Former spy worked with Spain to dismantle Russian mafia

© JohnArmagh via Wikimedia Commons.

Alexander Litvinenko, Highgate Cemetery, London, United Kingdom.

IN SIR Robert Owen’s report on the death of former KGB officer, Alexander Litvinenko, the spy’s cooperation with Spain’s Secret Services is detailed across a full chapter.

Since his death in November 2006, some of Mr Litvinenko’s family members became convinced that his murder was designed to prevent him from testifying against the Russian Mafia in Spain, and that such a testimonial would have linked the organised criminals to Vladimir Putin and other Kremlin officials.

Amid the mysterious circumstances surrounding Mr Litvinenko’s death, caused by polonium-210 in his tea,his link to Spain is viewed as an important piece of the puzzle. 

Four months before he died, Mr Litvinenko met with a group of Spanish police officers in a European capital city to discuss aspects of the Russian mafia’s operations in Spain. Some witnesses, including Litvinenko’s wife, claim he joined Spain’s secret service as early as 2004 and journeyed to the country several times. 

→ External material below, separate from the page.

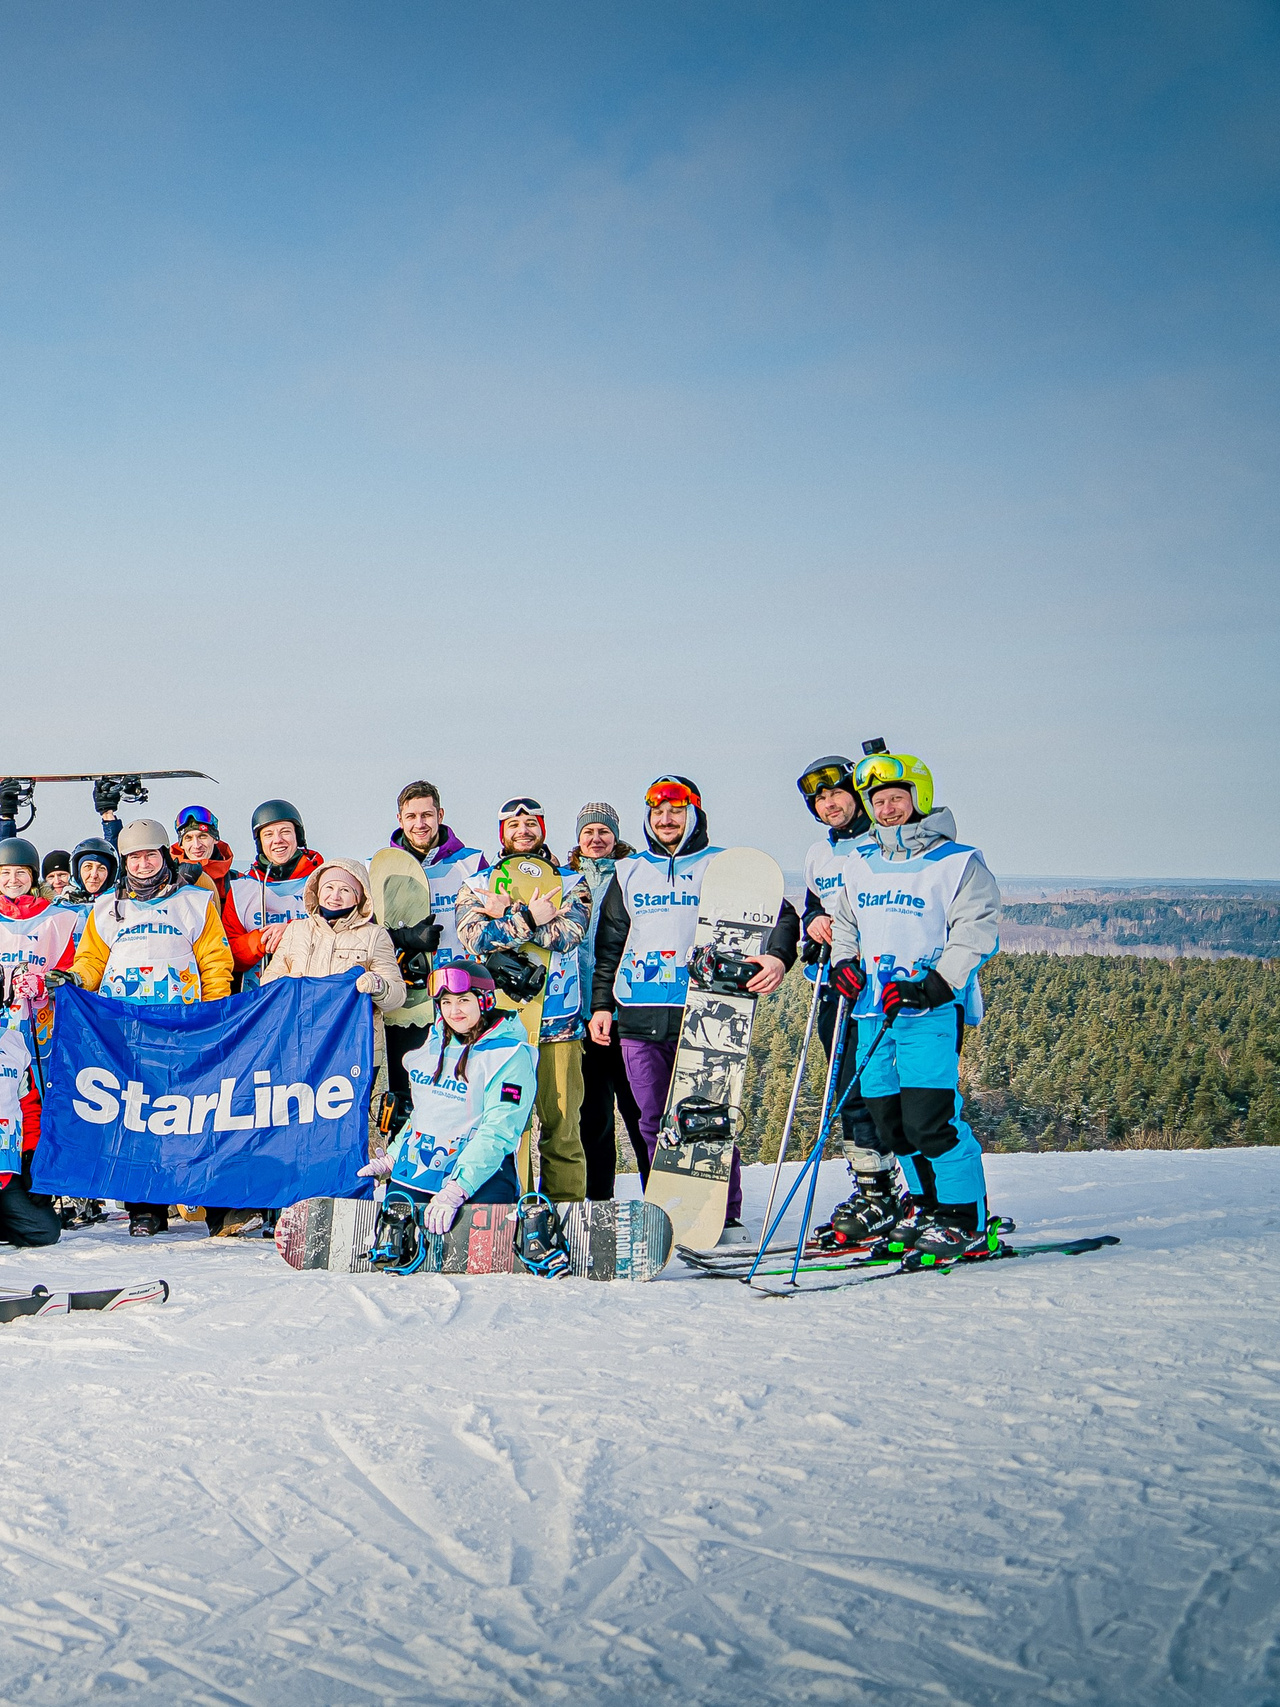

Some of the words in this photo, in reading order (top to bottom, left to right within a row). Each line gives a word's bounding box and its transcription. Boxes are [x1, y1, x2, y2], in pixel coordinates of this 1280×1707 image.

But despite agreeing to help the Spanish authorities, Mr Litvinenko is said to have feared for his life, telling them that “The FSB (Russia’s secret service) and Putin will not stop until they do away with me.” 

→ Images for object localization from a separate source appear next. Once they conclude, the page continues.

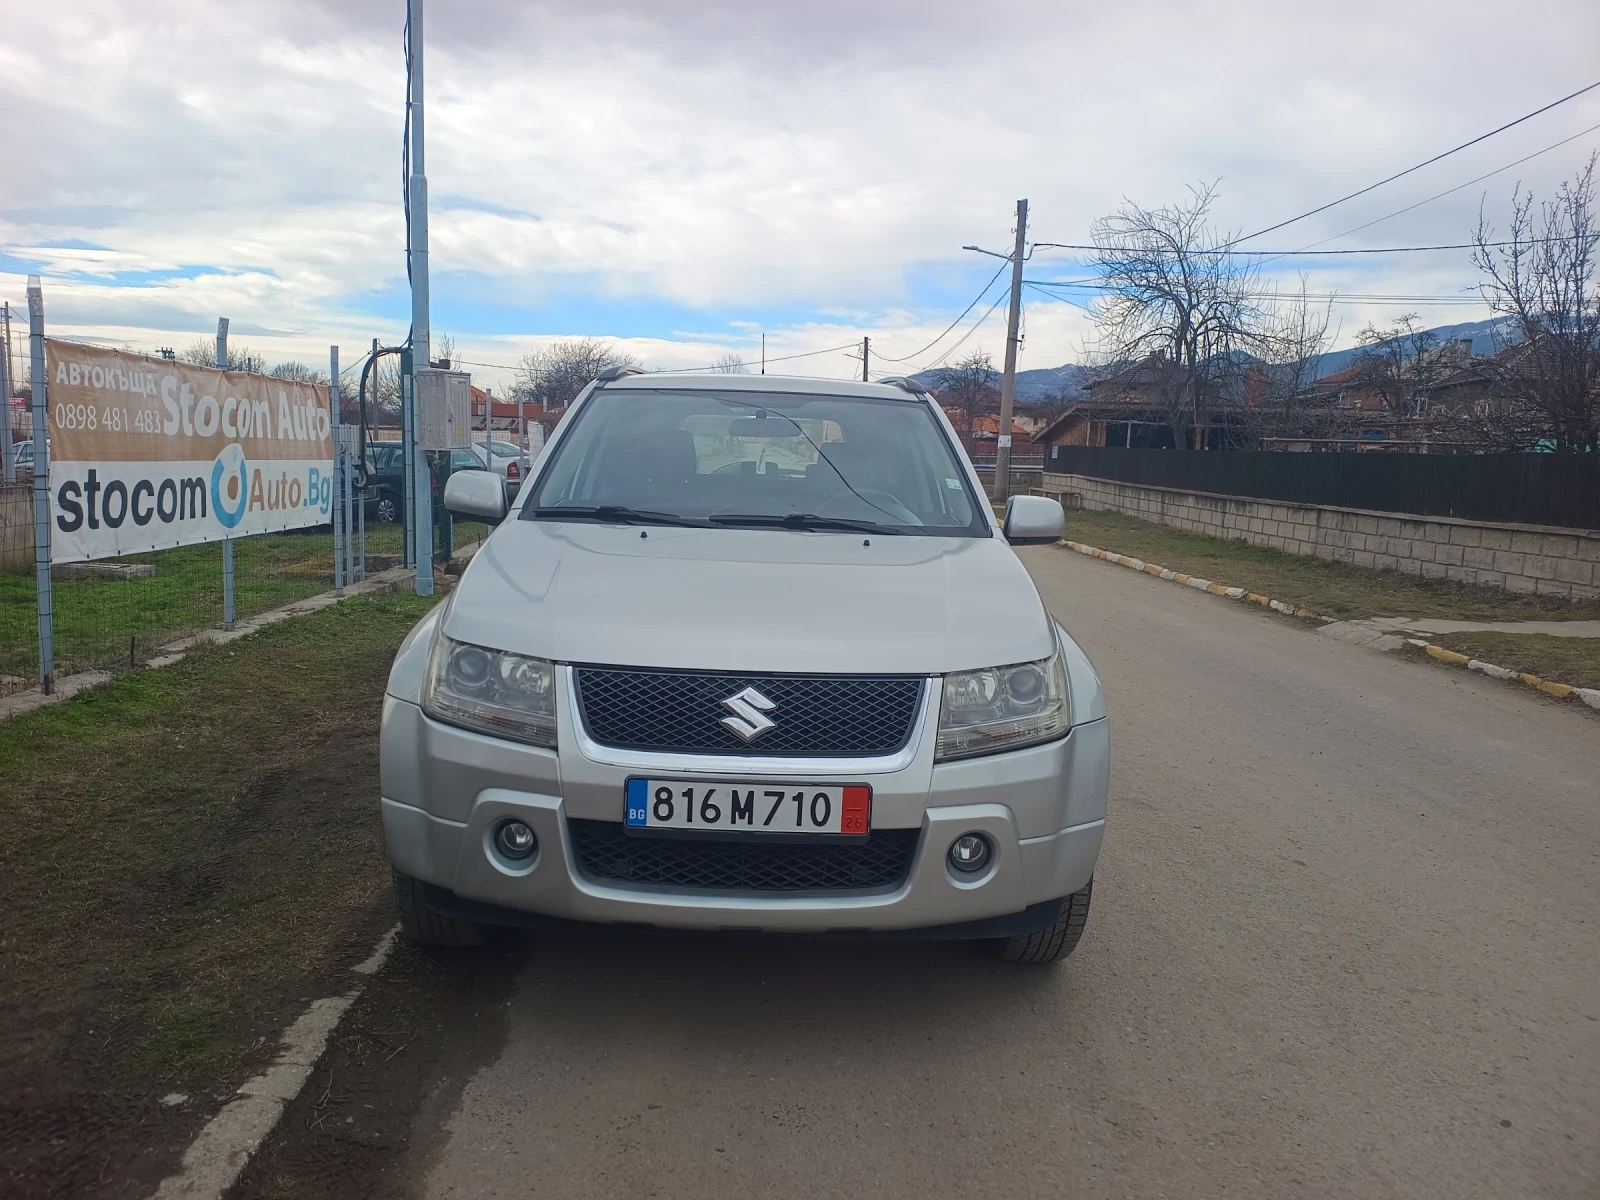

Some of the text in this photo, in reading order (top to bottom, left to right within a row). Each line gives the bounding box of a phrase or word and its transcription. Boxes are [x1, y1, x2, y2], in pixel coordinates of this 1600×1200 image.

[56, 361, 157, 398] АВТОКЪЩА
[55, 402, 161, 433] 0898 481 483
[161, 374, 330, 441] Stocom Auto
[56, 468, 207, 532] stocom
[629, 808, 645, 820] BG
[846, 815, 862, 828] 26

A top security operation to protect the informant was then set up by the Spanish Police.  

During his conversations with investigators, Mr Litvinenko revealed how Russian Secret Service agents “tortured and assassinated” people in Chechnya and other places, even by burying them alive. His confessions also included intelligence about the trafficking of heroin from Afghanistan, which he alleged was also linked to the FSB. 

A further revelation passed to Spanish police detailed Mr Litvinenko’s FSB-given orders to assassinate his former boss Boris Berezovsky while working as the late oligarch’s head of security, adding that he had refused his superiors orders to do so. 

In what might yet prove to have been the tipping point for those murky figures behind Mr Litvinenko’s poisoning, Spanish magistrate Fernando Andreu had called him to testify as a protected witness at a November 6 hearing.

Mr Litvinenko fell ill and was hospitalized on November 1, never recovering from ingesting the highly toxic and radioactive polonium. 

In the final hours of his life, Mr Litvinenko is said to have told friends that Spain was “the only country in condition to fight against the Russian Mafia.”